◆ Exercise: Everything from the line with "this 1600×1066 image." to the final line of the records should be reproduced word for word, with both of those lines kept.

◆ Dataset records:
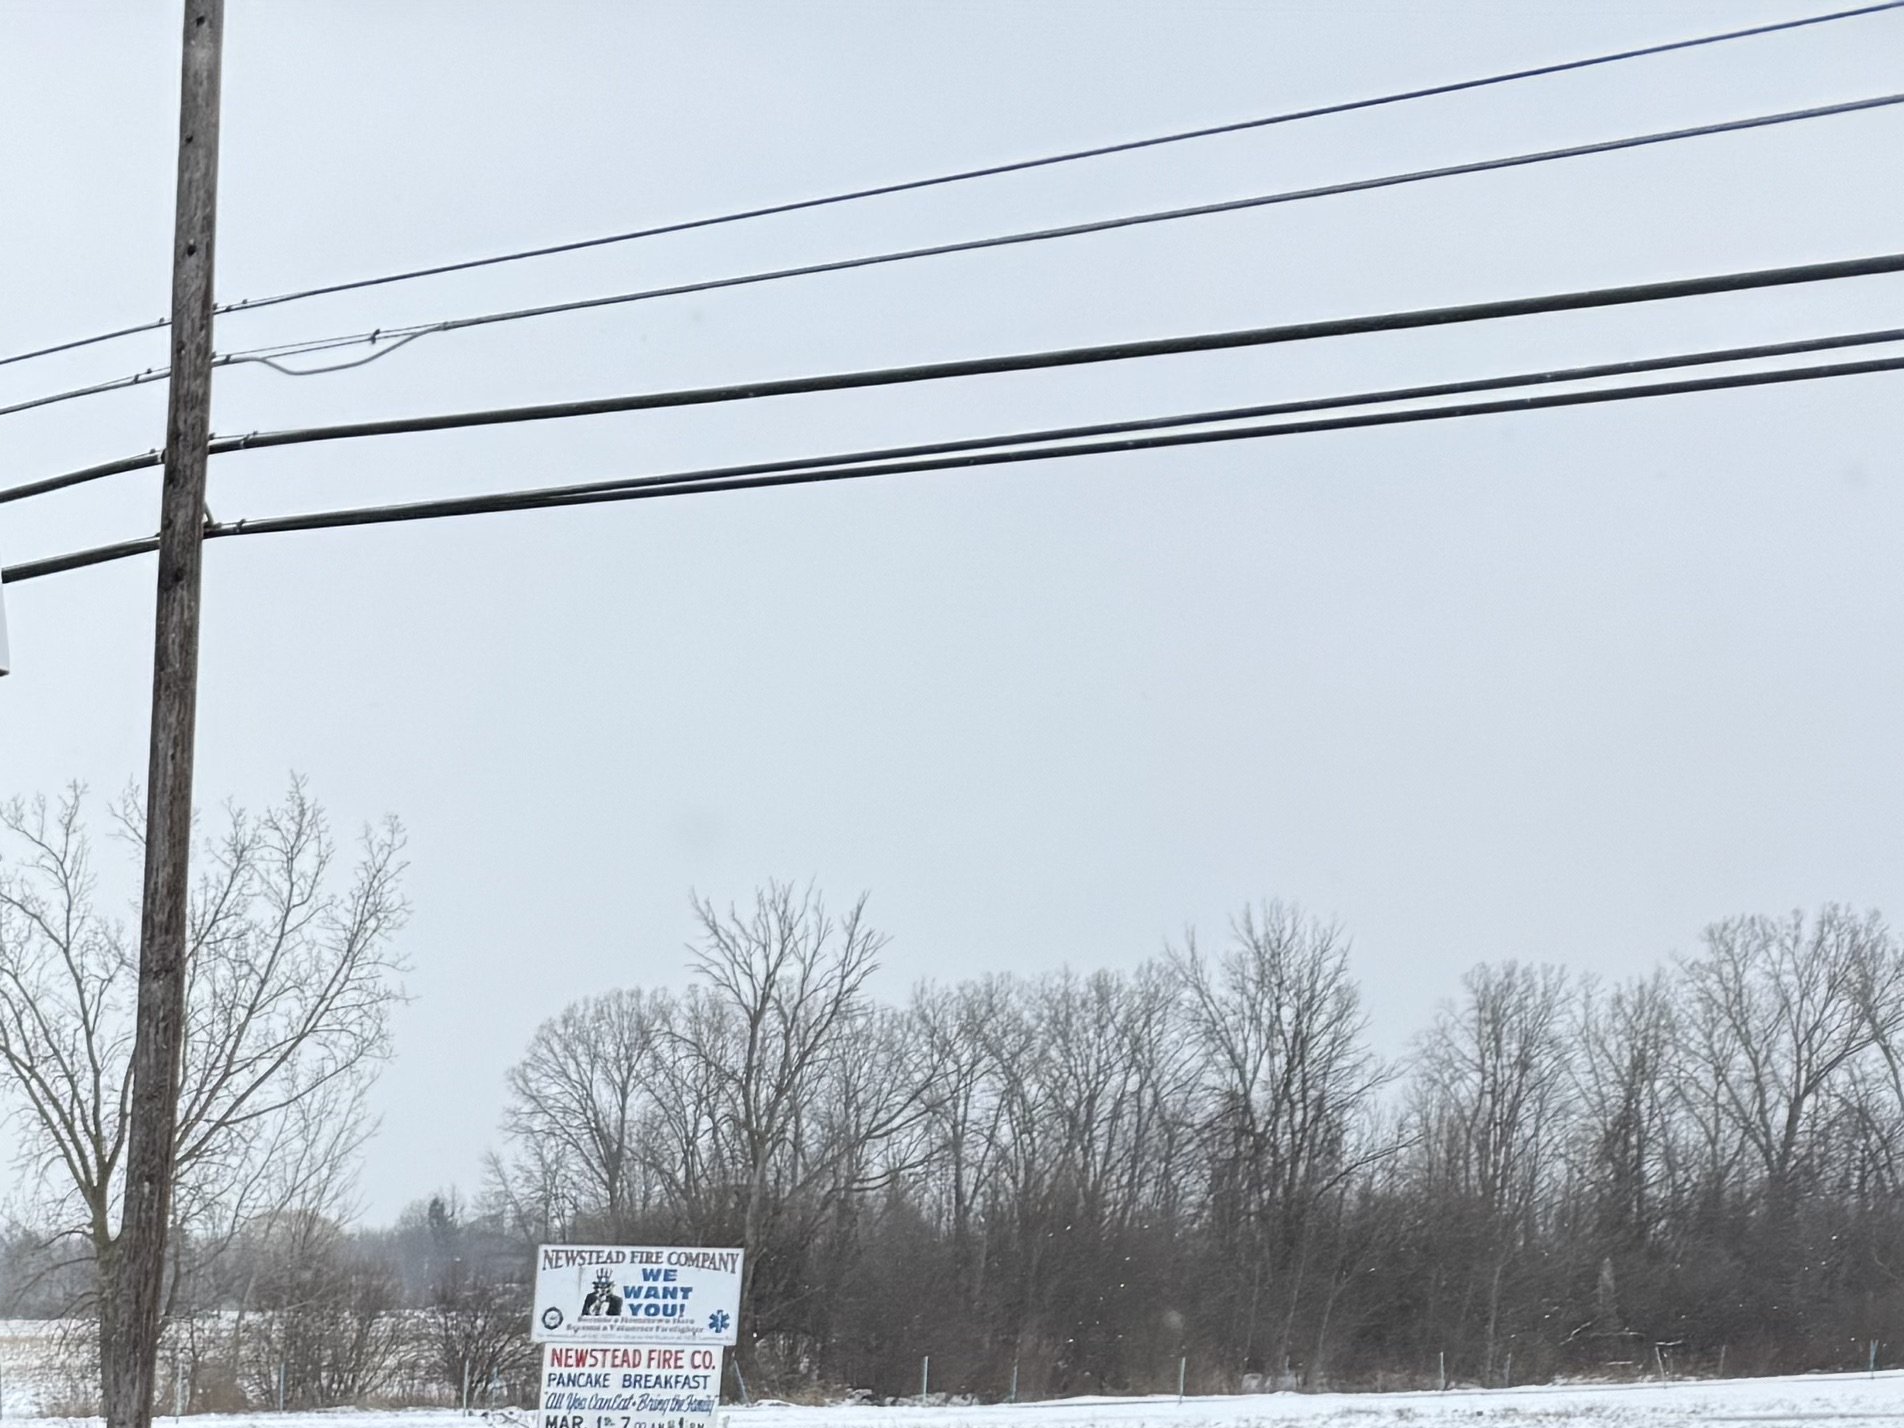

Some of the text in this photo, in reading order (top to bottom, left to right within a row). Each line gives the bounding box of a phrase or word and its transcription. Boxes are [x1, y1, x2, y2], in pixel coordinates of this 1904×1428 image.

[542, 1249, 740, 1274] NEWSTEAD FIRE COMPANY
[641, 1268, 678, 1282] WE
[623, 1285, 693, 1300] WANT
[627, 1303, 685, 1318] YOU!
[550, 1348, 716, 1370] NEWSTEAD FIRE CO.
[547, 1373, 711, 1390] PANCAKE BREAKFAST
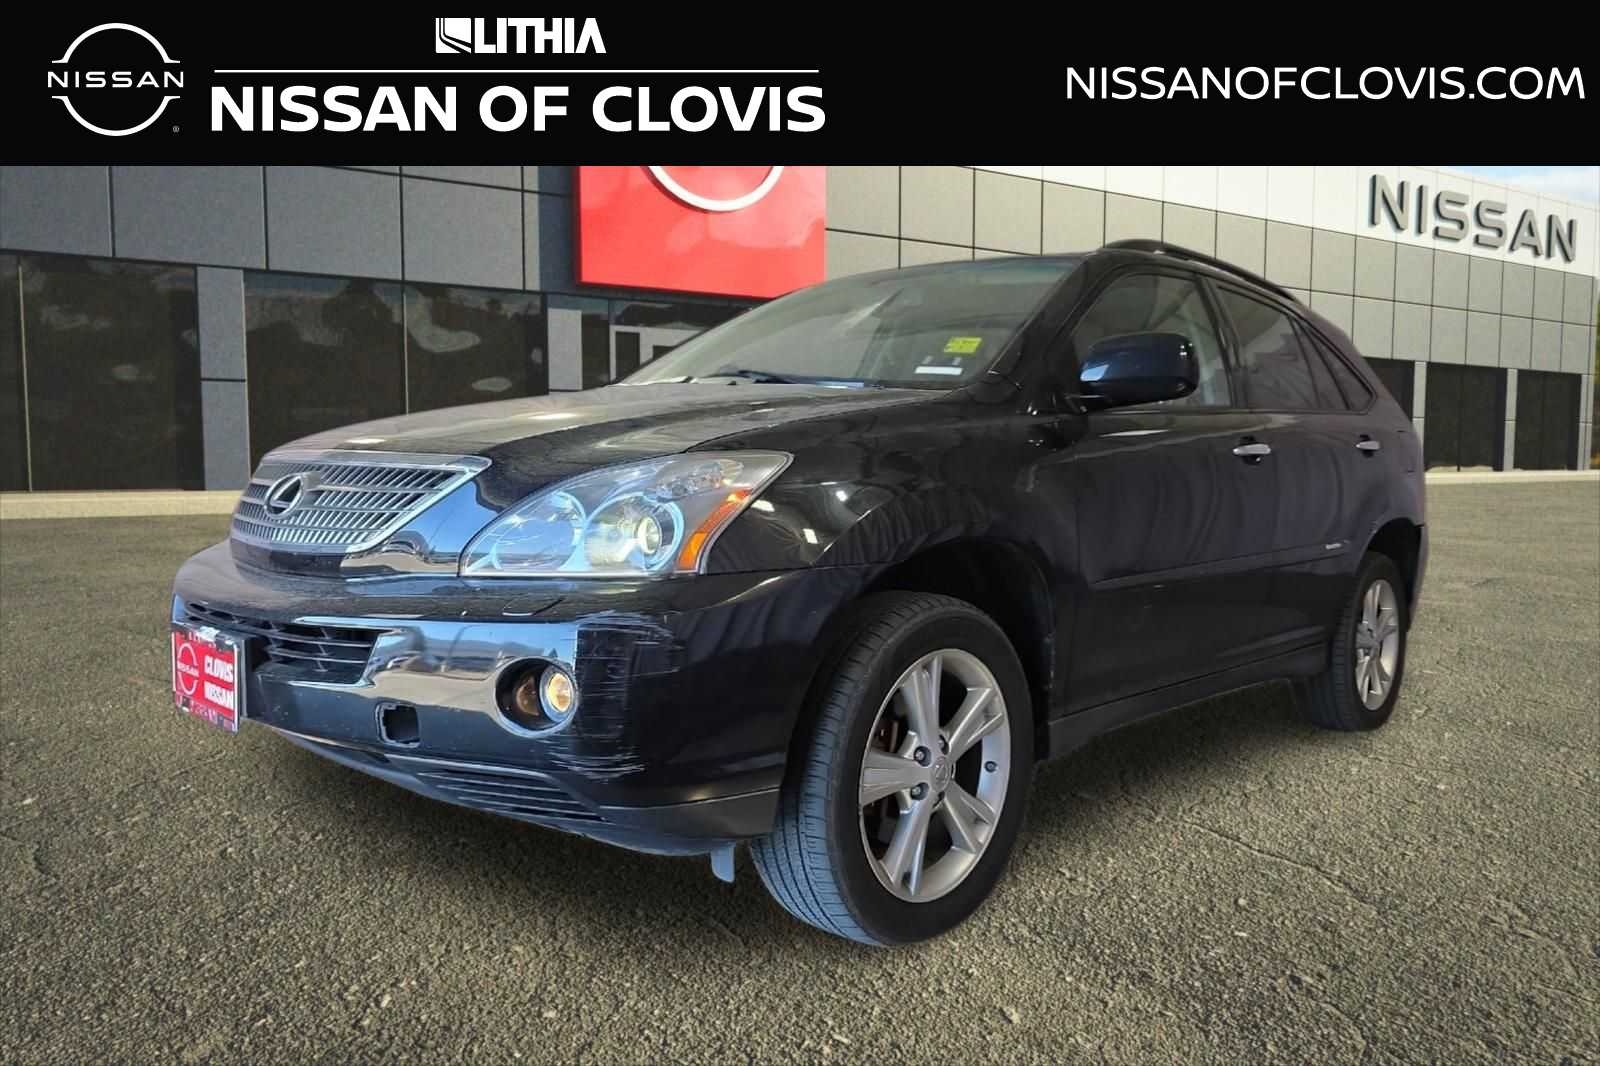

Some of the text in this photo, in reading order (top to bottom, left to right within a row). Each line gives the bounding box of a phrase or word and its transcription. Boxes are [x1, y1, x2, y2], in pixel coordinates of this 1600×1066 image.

[1369, 174, 1577, 262] NISSAN
[204, 655, 234, 683] CLOVIS
[204, 680, 234, 710] NISSAN

◆ Your response:
Some of the text in this photo, in reading order (top to bottom, left to right within a row). Each line gives the bounding box of a phrase or word and its transcription. Boxes are [x1, y1, x2, y2], in pixel coordinates of this 1600×1066 image.

[1369, 174, 1577, 262] NISSAN
[204, 655, 234, 683] CLOVIS
[204, 680, 234, 710] NISSAN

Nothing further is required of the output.